Effects associated with weak perturbative saturation of the electronic Kerr response have been considered in the context of laser filamentation previously [7–9]. In extremely intense optical fields above the onset of significant ionization, the Kerr effect can saturate simply due to the depletion of the population of neutral molecules in the gas . Such intensities cannot be reached in femtosecond laser filaments under normal conditions because of the intensity clamping in filaments . The suggestion that the Kerr effect may reverse sign and cause, among other things, beam self-defocusing, were too radical a departure from the established framework of laser filamentation and nonlinear optics in general. Almost immediately after the publication of [1,2], the results reported in that paper became the subject of intense debates that are still on-going at the time of this writing.
We will refer to the claim put forth in [1,2] as the Higher-Order Kerr Effect (HOKE) theory. Several independent experimental tests of HOKE in the context of laser filamentation have demonstrated that even if the higher-order Kerr terms do exist, they are not operative in common laser filaments in gases [12–14]. One experiment that contradicts that conclusion and supports HOKE has also been reported . The question of where the non-perturbatively large HOKE terms exist, possibly masked by plasma effects, still remains open. It has been argued that the sign reversal of the Kerr effect may occur in a transient regime, while neutral molecules in the gas are undergoing multi-photon ionization [16, 17]. By direct numerical integration of the Schrödinger equation, it has been shown that the sign reversal of the polarization response of an isolated silver atom to an ultraintense laser field is completely dominated by plasma contribution and not by higher-order Kerr terms, as HOKE alleges .
Very recent experiments on direct profiling of the cross-phase modulation response in a thin gas target illuminated by an ultraintense and ultrashort laser pulse revealed no evidence of even a transient saturation of the Kerr effect, in complete contradiction with HOKE . A plausible explanation of the original experiment [1, 2] in the framework of the conventional nonlinear optics has been also recently suggested .

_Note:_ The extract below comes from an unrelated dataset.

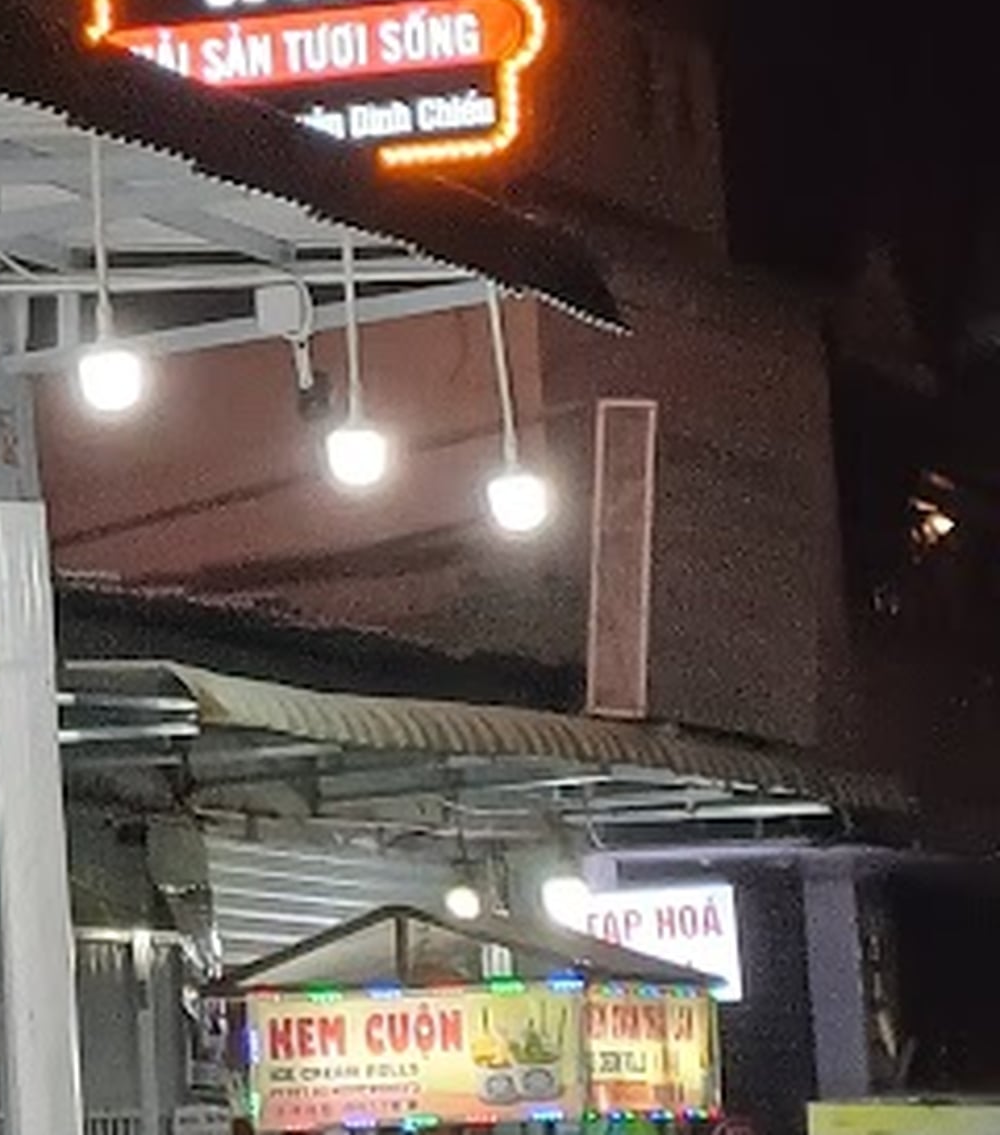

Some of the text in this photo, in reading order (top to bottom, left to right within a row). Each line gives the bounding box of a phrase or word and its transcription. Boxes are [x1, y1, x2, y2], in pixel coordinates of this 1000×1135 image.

[201, 21, 272, 83] SẢN
[283, 22, 368, 74] TƯƠI
[379, 7, 480, 64] SỐNG
[365, 1002, 463, 1060] CUỘN

An alternative test of HOKE has been proposed in . The test is based on the dramatic effect that the inclusion of the HOKE terms would have on the efficiency of third and fifth harmonic generation by a femtosecond laser pulse with peak intensity above the alleged turnover point for the higher-order Kerr effect. As has been numerically shown in  for tightly focused femtosecond pulses at 1.3 μm wavelength, the ratio of the yields of the fifth and third harmonics generated by such pulses is a growing function of the pulse intensity. This ratio saturates at a value on the order of one if the HOKE terms are included in the model, and it remains very small (∼ 10−4) when these terms are omitted.
The above qualitative conclusion is valid in a wide range of pump wavelengths, as the HOKE indices have been shown to depend very weakly on wavelength above 800 nm . The weak dependence on wavelength is well known for the conventional n2 index [23, 24]. There is no reason to expect the alleged higher-order Kerr terms to have qualitatively different wavelength dependence, as they are assumed to result from virtual transitions between bound states of the molecules in the medium, just like the n2 term. The alleged turnover intensity at which the Kerr effect would turn to zero, provided that HOKE was correct, has been shown to be essentially independent on wavelength above 800 nm and, for air, equal to 35 TW/cm2 .

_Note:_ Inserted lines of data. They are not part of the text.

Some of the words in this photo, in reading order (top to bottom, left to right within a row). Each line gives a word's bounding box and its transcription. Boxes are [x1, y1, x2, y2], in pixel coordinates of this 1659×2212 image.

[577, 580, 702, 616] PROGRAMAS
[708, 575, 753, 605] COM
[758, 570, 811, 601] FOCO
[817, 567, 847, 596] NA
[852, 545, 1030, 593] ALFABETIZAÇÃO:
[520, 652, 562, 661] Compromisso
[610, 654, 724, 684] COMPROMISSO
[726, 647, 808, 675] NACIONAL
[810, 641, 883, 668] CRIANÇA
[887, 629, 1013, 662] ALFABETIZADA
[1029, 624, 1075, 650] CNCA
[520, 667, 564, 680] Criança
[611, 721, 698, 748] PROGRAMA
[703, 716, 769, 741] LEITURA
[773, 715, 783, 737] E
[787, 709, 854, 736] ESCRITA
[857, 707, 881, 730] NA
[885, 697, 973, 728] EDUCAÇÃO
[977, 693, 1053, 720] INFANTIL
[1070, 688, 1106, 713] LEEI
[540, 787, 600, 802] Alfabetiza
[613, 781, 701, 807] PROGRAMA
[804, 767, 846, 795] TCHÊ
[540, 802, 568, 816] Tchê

The dramatic difference between harmonic yields in the two models is the consequence of the fact that in the established approach, the fifth harmonic generation is a cascade process involving the nonlinear mixing between the already generated third harmonic and the leftover pump, while in the new theory, the fifth harmonic is generated directly from the fundamental through the higher-order Kerr response.
In this paper, we report experimental results on the realization of the above proposal . Our results show no evidence of the HOKE response.

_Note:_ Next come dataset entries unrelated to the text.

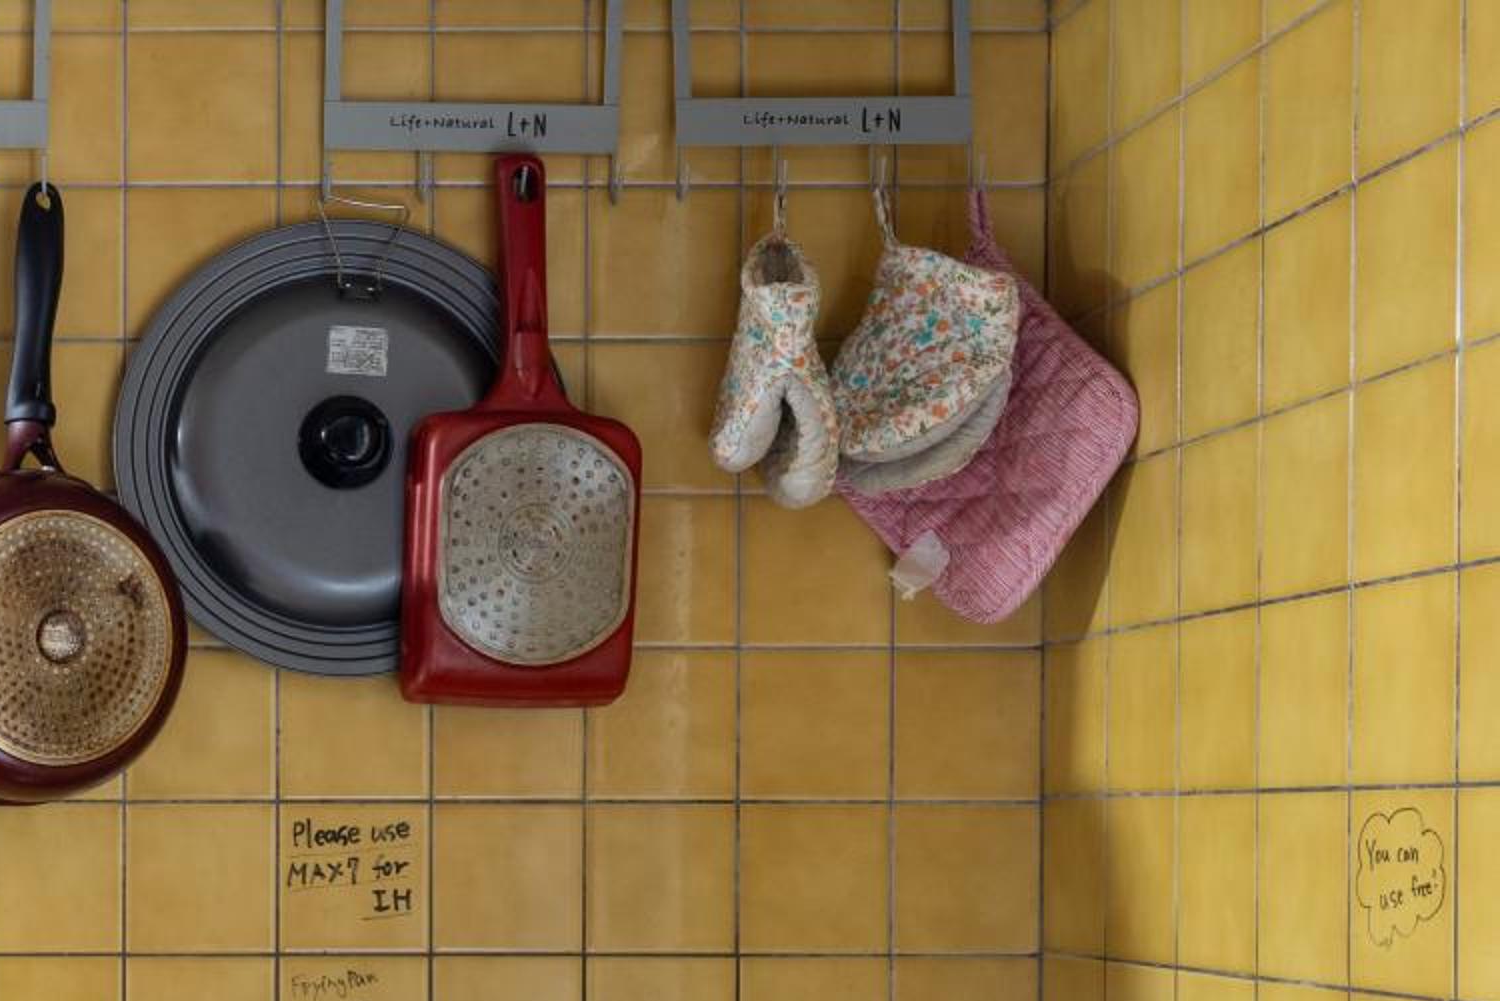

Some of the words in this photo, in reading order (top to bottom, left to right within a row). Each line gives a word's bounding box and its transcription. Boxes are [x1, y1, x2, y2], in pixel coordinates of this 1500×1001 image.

[389, 113, 496, 131] Life+Natural
[507, 111, 548, 137] L+N
[861, 106, 902, 133] L+N
[293, 818, 361, 848] Please
[371, 821, 411, 842] use
[372, 854, 411, 879] for
[1365, 839, 1390, 870] You
[1397, 847, 1419, 863] can
[372, 888, 412, 912] IH
[1380, 889, 1404, 910] use

We note that an experiment on the generation of third and fifth harmonics in an Argon cell using intense pump pulses at 800 nm wavelength has been reported much before the HOKE controversy had even emerged . The results of that work have been recently used to argue in favor of the validity of HOKE . In our view,  is not straightforwardly applicable to the resolution of the HOKE controversy for the following reasons. The generated fifth harmonic had a wavelength of 162 nm, which is in vacuum UV, thus making its reliable characterization difficult. Under the experimental conditions of , the predictions of the established and HOKE theories on the anticipated ratio of yields of the third and fifth harmonics differed by only about one order of magnitude , which is a quantitative, not qualitative difference. In order to reliably discriminate between the two theories in such a situation, the absolute energies of the generated harmonics had to be accurately measured. However, the accuracy of even approximately estimating the harmonic yields in  was severely impaired by the presence of as many as four apertures that allowed for the implementation of differential pumping in the setup. These apertures resulted in large and not easily quantifiable losses for the generated harmonics.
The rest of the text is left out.